Editorial: Kennedy championed those who no longer had a voice

Published 10:02 am Monday, August 31, 2009

Monday, Aug. 31, 2009

U.S. Sen. Edward Moore “Ted” Kennedy died Aug. 25 at 77 at his home in Hyannisport, Mass., after battling brain cancer for more than a year.

During his 47 years in the Senate he championed causes such as the epic universal health care debate he didn’t live to see resolved.

Kennedy, whose memoir “True Compass,” comes out Sept. 14, was the youngest child of Joseph and Rose Kennedy, the last brother in this influential first family of American politics groomed for the White House.

President John F. Kennedy, in 1963, and Sen. Robert F. Kennedy, in 1968, were both assassinated.

Damaged by Chappaquiddick and the July 1969 drowning death of Mary Jo Kopechne, 28, losing the 1980 Democratic primaries to Jimmy Carter liberated Sen. Kennedy from the burden of his destiny.

Instead, he became the “greatest senator of our time,” President Barack Obama, who benefited from Kennedy’s timely 2008 endorsement of him over Hillary Clinton, said Wednesday.

Kennedy, an easy target for Republicans as the leader of his party’s liberal wing, said at that 1980 convention, when he challenged a sitting president of his own party, “For all those whose cares have been our concern, the cause endures, the hope still lives and the dream shall never die.”

That quotation uttered at the Democratic National Convention at New York’s Madison Square Garden as the final flames of his presidential candidacy flickered out, summed up his remarkable career on his Web site.

Kennedy never flinched from the sobriquet “liberal,” even after conservatives demonized the word and Democrats came to prefer “progressive.”

Kennedy, who voted against the Iraq war, steadfastly championed the poor, the downtrodden and the voiceless.
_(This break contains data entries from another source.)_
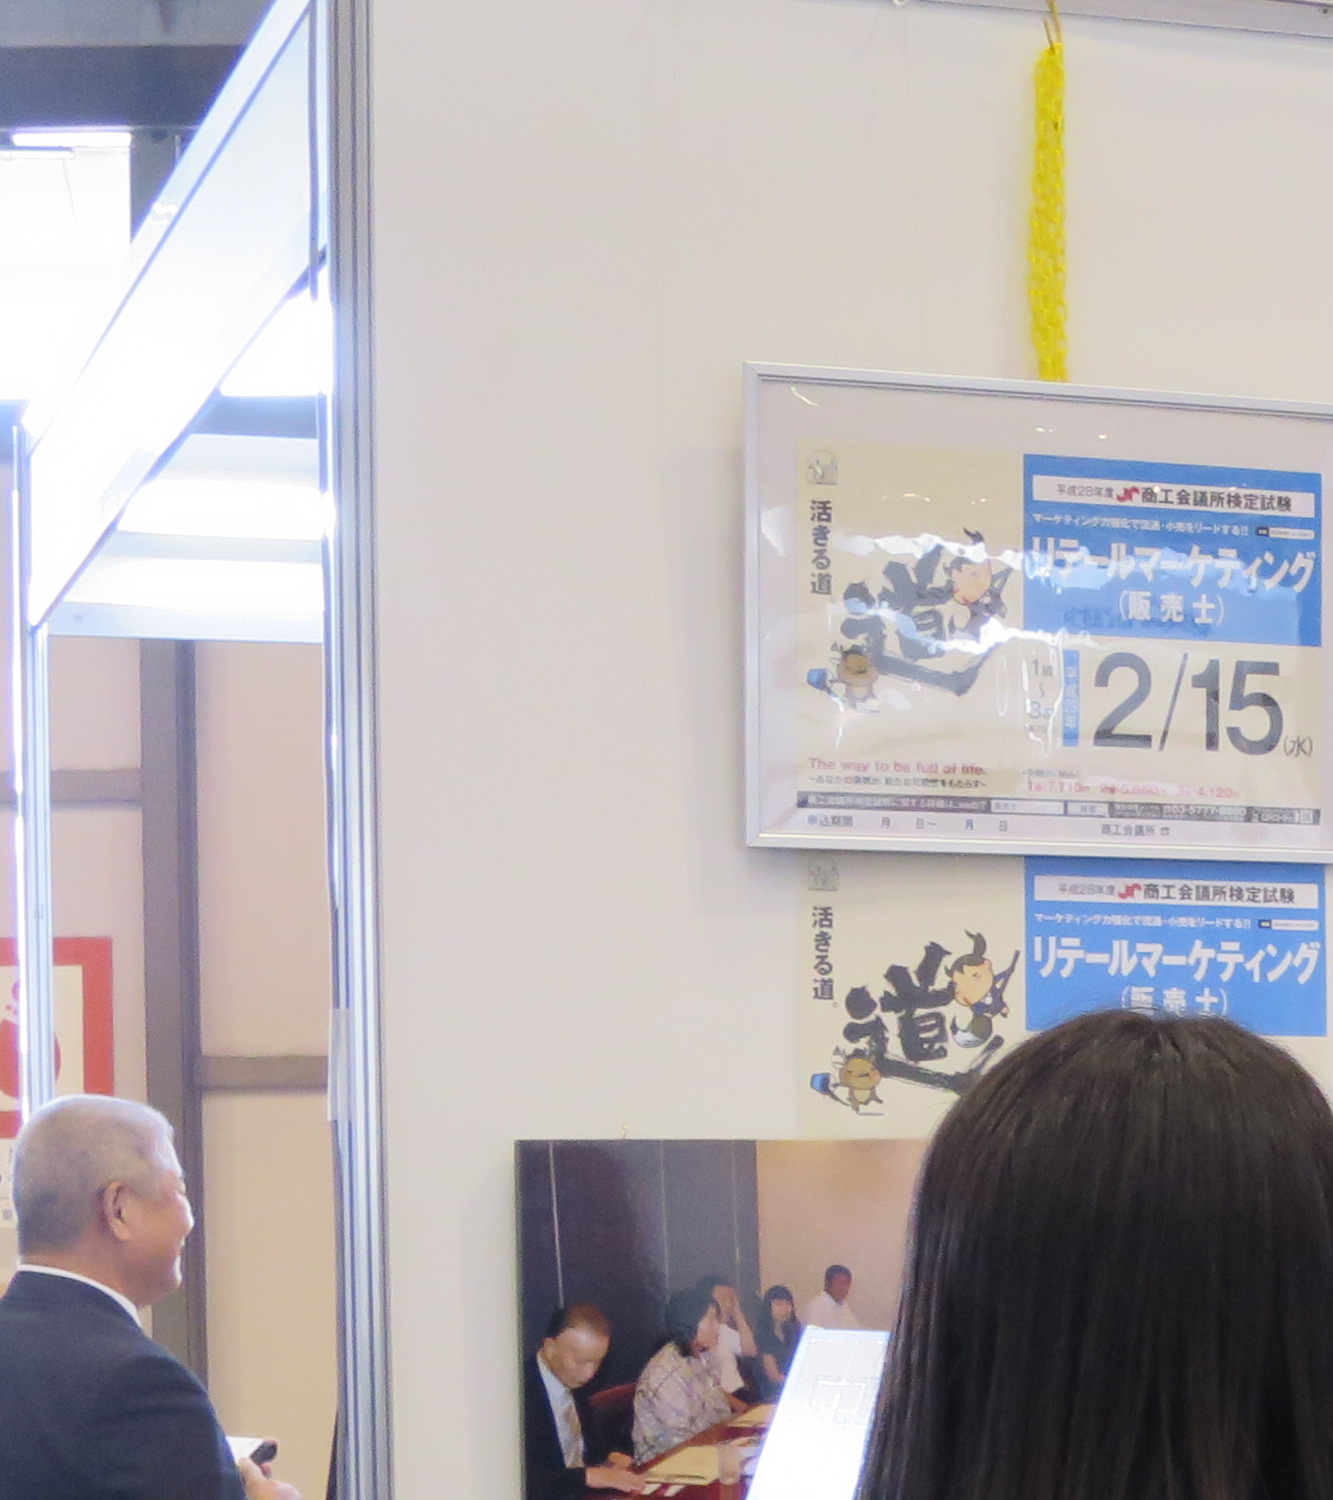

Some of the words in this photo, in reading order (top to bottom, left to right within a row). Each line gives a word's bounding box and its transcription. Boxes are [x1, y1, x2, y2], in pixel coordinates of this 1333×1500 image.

[1141, 486, 1292, 513] 商工会議所検定試験
[1026, 536, 1317, 593] リテールマーケティング
[1093, 651, 1284, 756] 2/15
[1283, 735, 1313, 757] (水)
[808, 758, 835, 770] The
[840, 761, 870, 773] way
[875, 761, 889, 772] to
[893, 761, 911, 773] be
[916, 762, 938, 774] full
[943, 763, 958, 774] of
[1143, 884, 1295, 905] 商工会議所検定試験
[1034, 934, 1321, 985] リテールマーケティング
He supported spending on health care and education whether it was in favor or out of fashion. He believed unwaveringly in the power of government as a force for positive change.

The whole idea of meaningful health care reform is to break the corporate stranglehold.
The current system, which ranks 37th – not No. 1 as talking points might lead you to believe – is ruining this country for the sake of preserving $400 billion in annual profits raked in by private health insurance companies.
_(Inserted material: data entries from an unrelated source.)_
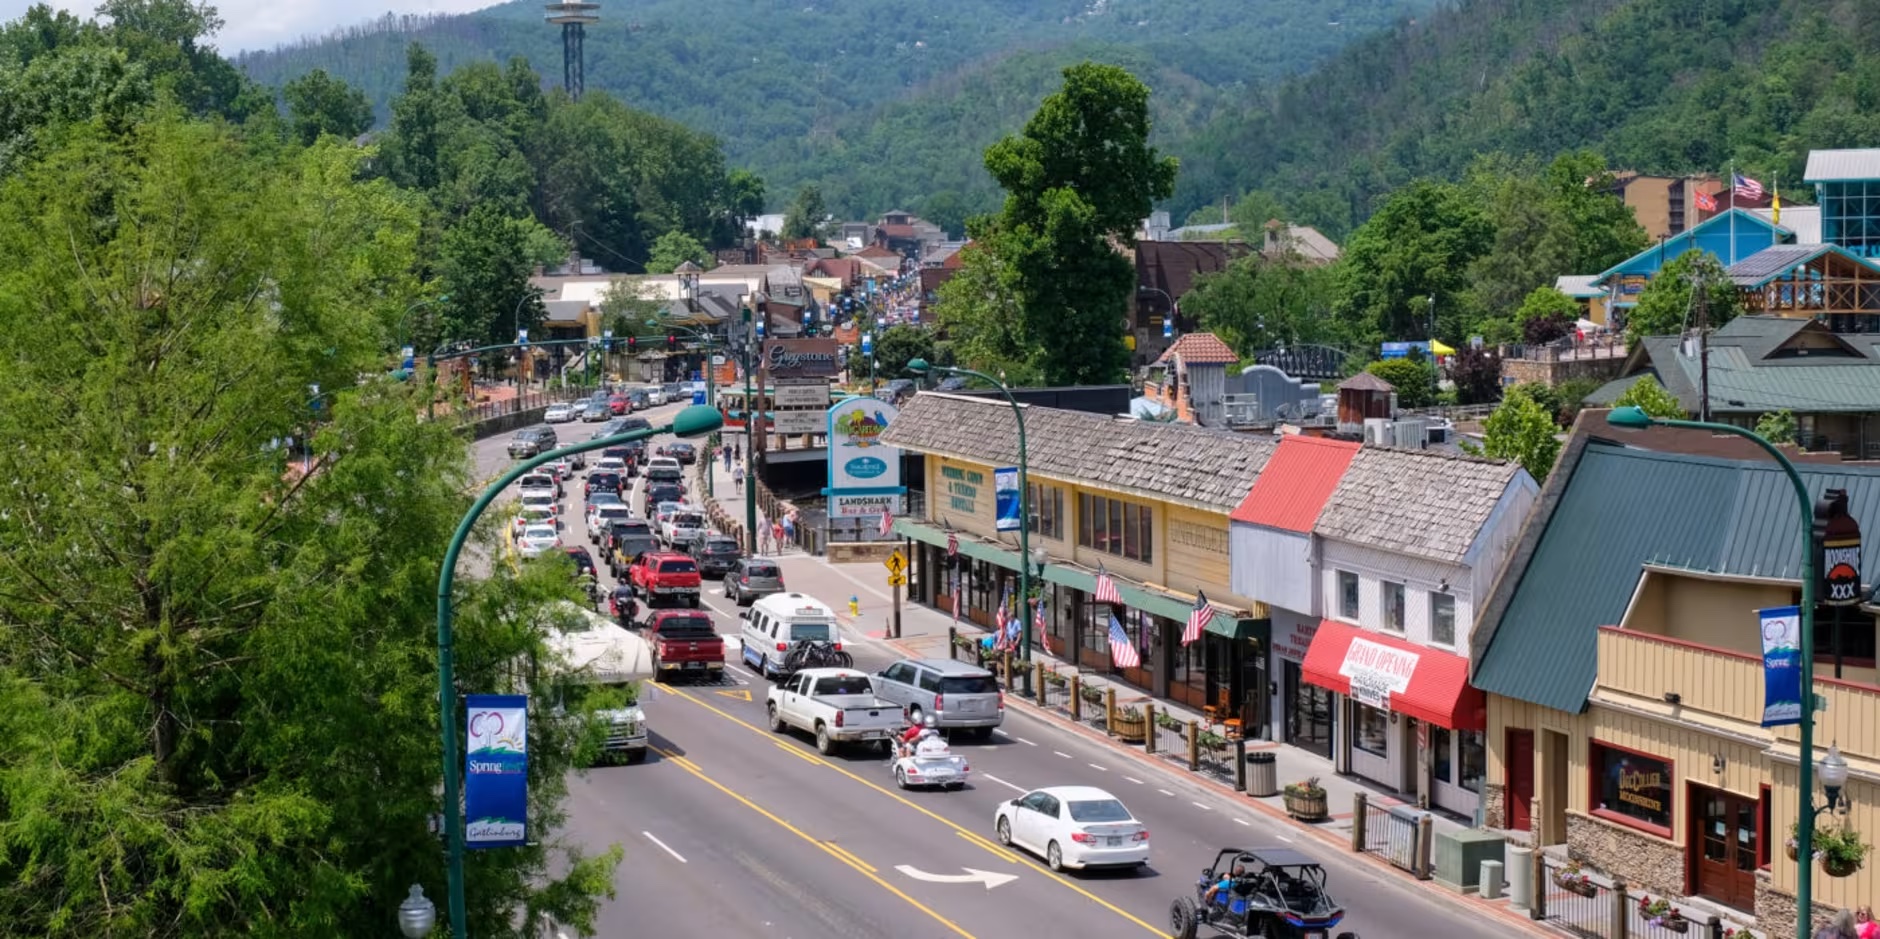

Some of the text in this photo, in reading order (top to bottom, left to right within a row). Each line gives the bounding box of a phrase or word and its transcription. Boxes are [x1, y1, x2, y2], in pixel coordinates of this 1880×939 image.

[839, 497, 892, 505] LANDSHARK
[1824, 547, 1860, 579] MOONSHINE
[1831, 582, 1855, 599] XXX
[1347, 641, 1378, 667] GRAND
[1376, 650, 1415, 678] OPENING
These companies and their agents in Congress – many with vested interests – stoop to fear tactics to deny health care even while millions needlessly suffer and die.

They like to deceptively argue that publicly-funded health care puts bureaucrats between us and our doctors when, in reality, private insurance stands between doctors and patients, dropping coverage and denying needed care.

They oppose publicly-funded health care because it “socializes” medicine, yet doctors, hospitals and medicine stay in the private sector under any such system.
They trot out tried and tested lines about long lines and rationed care “like in Canada and England.”

Yet only in America do we await treatment while an insurance company decides our fate – often deciding to deny care. In that regard, rationing is already happening here.

They particularly try to scare us with what publicly-funded health care will cost. We’re already paying for it, just not getting it, including an estimated $450 billion spent processing paperwork. There could be a lot more spent directly on health care, rather than on bonuses for insurance execs.

Health care should be a fundamental right in a wealthy industrialized democracy.

Health care is too important to be profit-driven by greedy insurance companies. Medicare for all, with no one left out.

Whether a single payer, non-profit system or President Obama’s “public option” to compete with private insurance, both systems seek to correct the diversion of our premiums, depriving patients of health care.

Kennedy’s absence from the rancorous health care debate has been felt because, as his funeral showed, he was a legislator’s legislator, able to work across party lines with Republicans such as John McCain and Orrin Hatch.

He knew how to negotiate deals without sacrificing his deep convictions, such as working with President George W. Bush to pass No Child Left Behind.

Kennedy knew the role of a politician is to make progress – if not all at once, then incrementally, a bit at a time.